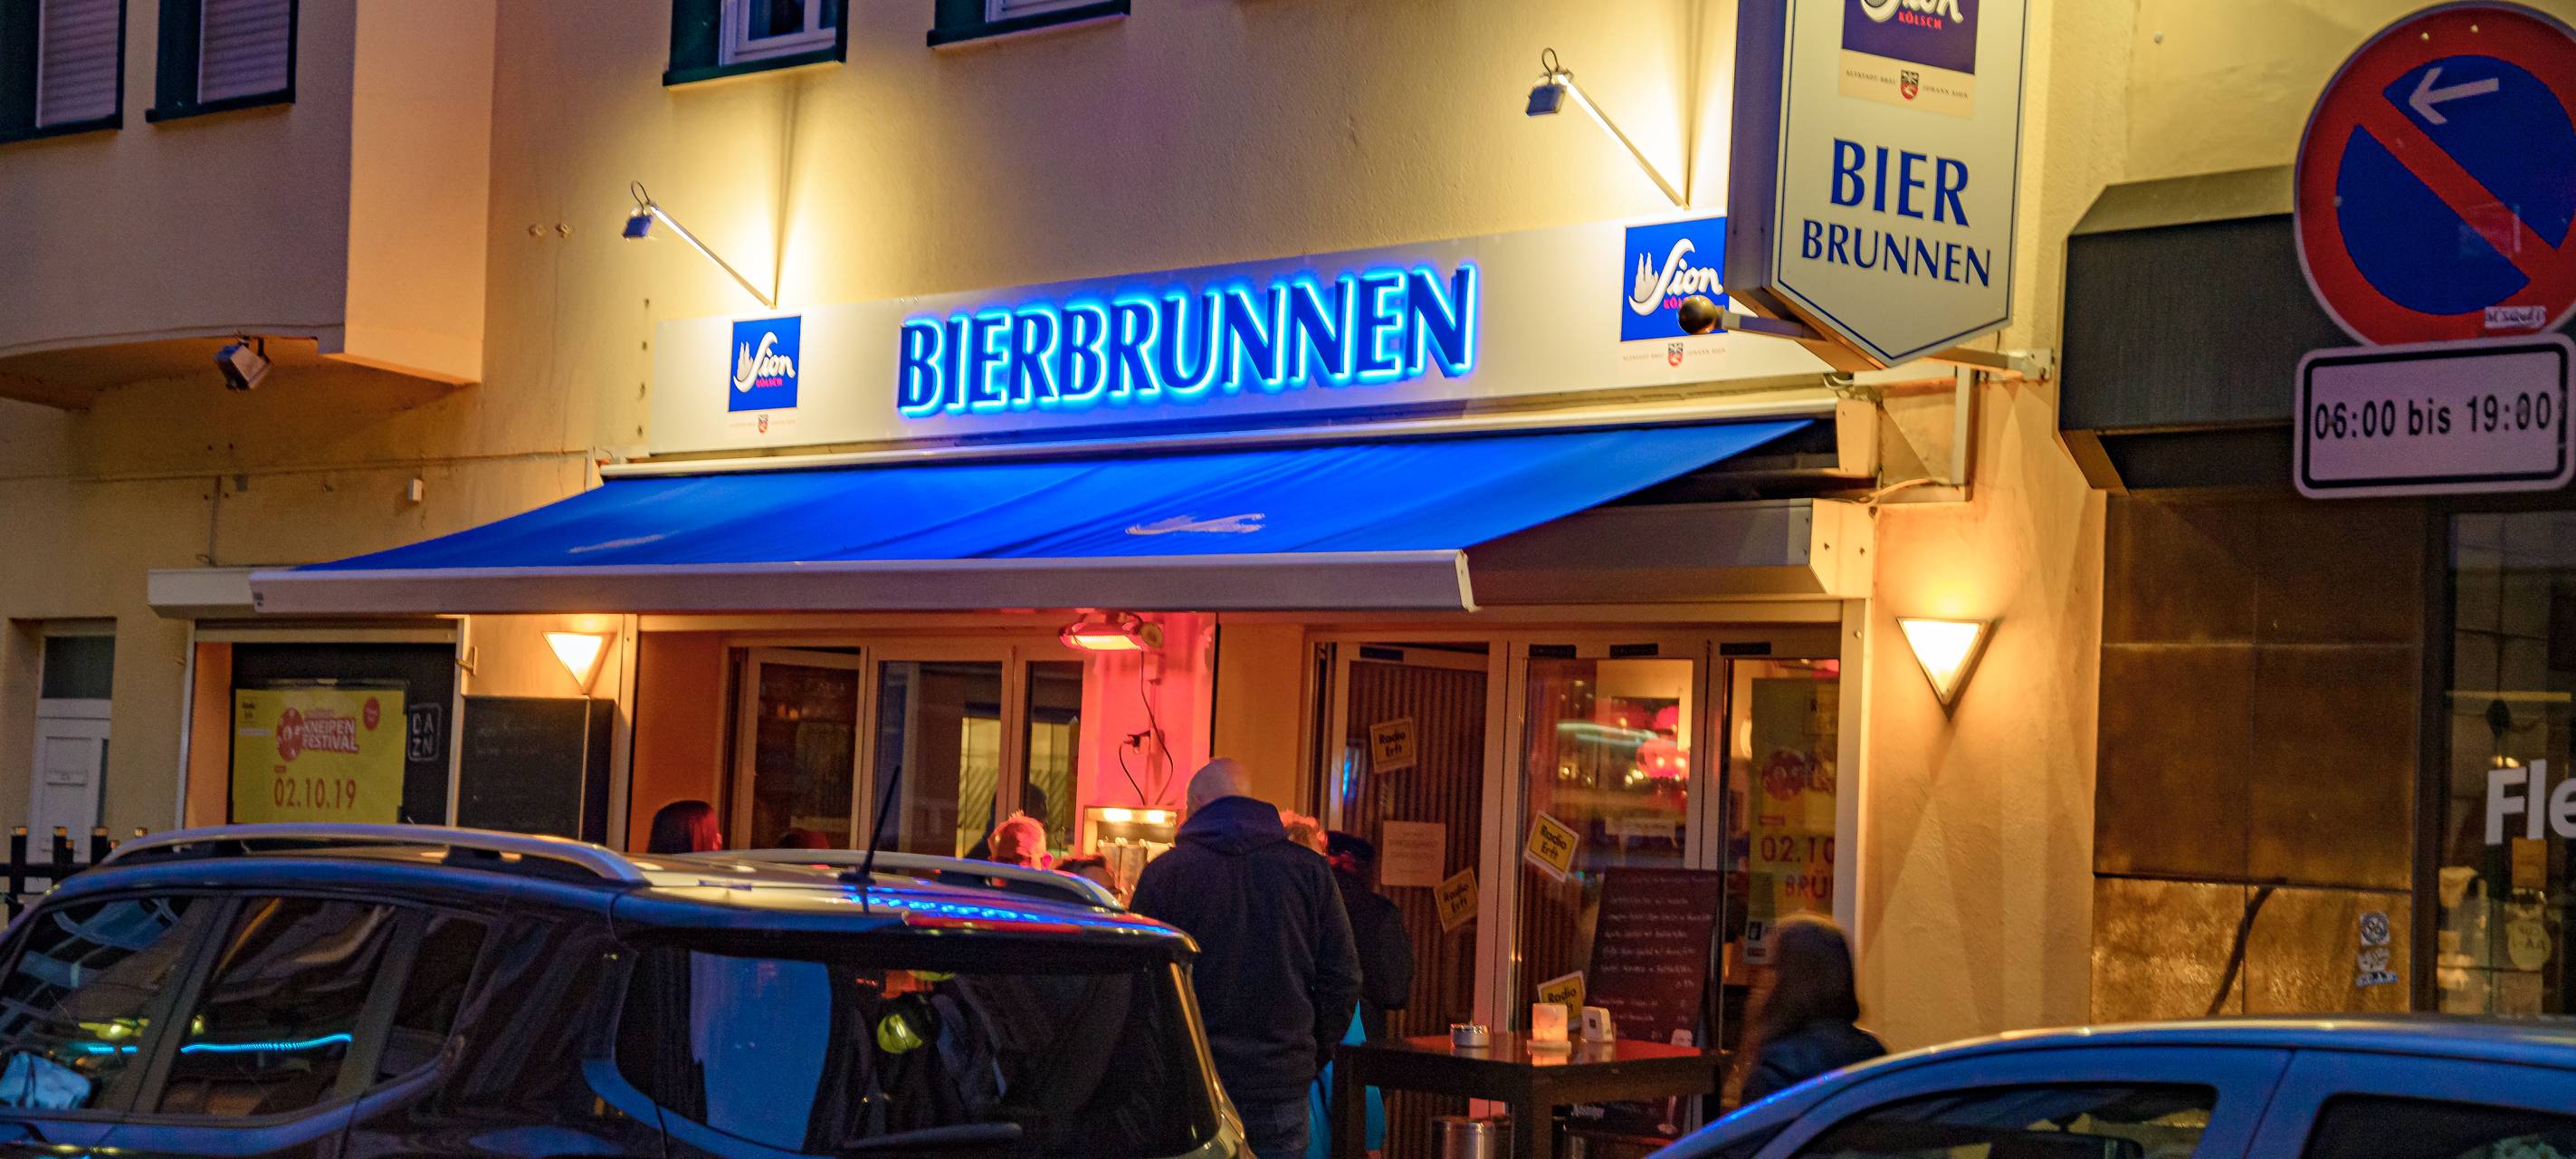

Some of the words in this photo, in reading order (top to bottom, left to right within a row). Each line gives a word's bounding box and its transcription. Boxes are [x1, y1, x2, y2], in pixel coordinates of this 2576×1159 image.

[1830, 137, 1970, 227] BIER
[1801, 218, 1991, 288] BRUNNEN
[1628, 238, 1724, 316] Sion
[896, 265, 1474, 415] BIERBRUNNEN
[733, 331, 796, 393] Sion
[2314, 400, 2396, 440] 06:00
[2408, 398, 2452, 436] bis
[2466, 390, 2552, 433] 19:00
[302, 732, 358, 752] FESTIVAL
[1379, 731, 1406, 745] Radio
[274, 777, 356, 809] 02.10.19
[2485, 759, 2576, 846] Fle
[1541, 825, 1568, 850] Radio
[1541, 842, 1560, 859] Erft
[1443, 881, 1470, 903] Radio
[1784, 868, 1834, 899] BRÜ
[1547, 985, 1577, 1004] Radio

- **Description of the task**:
A faithful copy of all the data above, without its pictures, is the expected result.

- **Task response**:
Some of the words in this photo, in reading order (top to bottom, left to right within a row). Each line gives a word's bounding box and its transcription. Boxes are [x1, y1, x2, y2], in pixel coordinates of this 2576×1159 image.

[1830, 137, 1970, 227] BIER
[1801, 218, 1991, 288] BRUNNEN
[1628, 238, 1724, 316] Sion
[896, 265, 1474, 415] BIERBRUNNEN
[733, 331, 796, 393] Sion
[2314, 400, 2396, 440] 06:00
[2408, 398, 2452, 436] bis
[2466, 390, 2552, 433] 19:00
[302, 732, 358, 752] FESTIVAL
[1379, 731, 1406, 745] Radio
[274, 777, 356, 809] 02.10.19
[2485, 759, 2576, 846] Fle
[1541, 825, 1568, 850] Radio
[1541, 842, 1560, 859] Erft
[1443, 881, 1470, 903] Radio
[1784, 868, 1834, 899] BRÜ
[1547, 985, 1577, 1004] Radio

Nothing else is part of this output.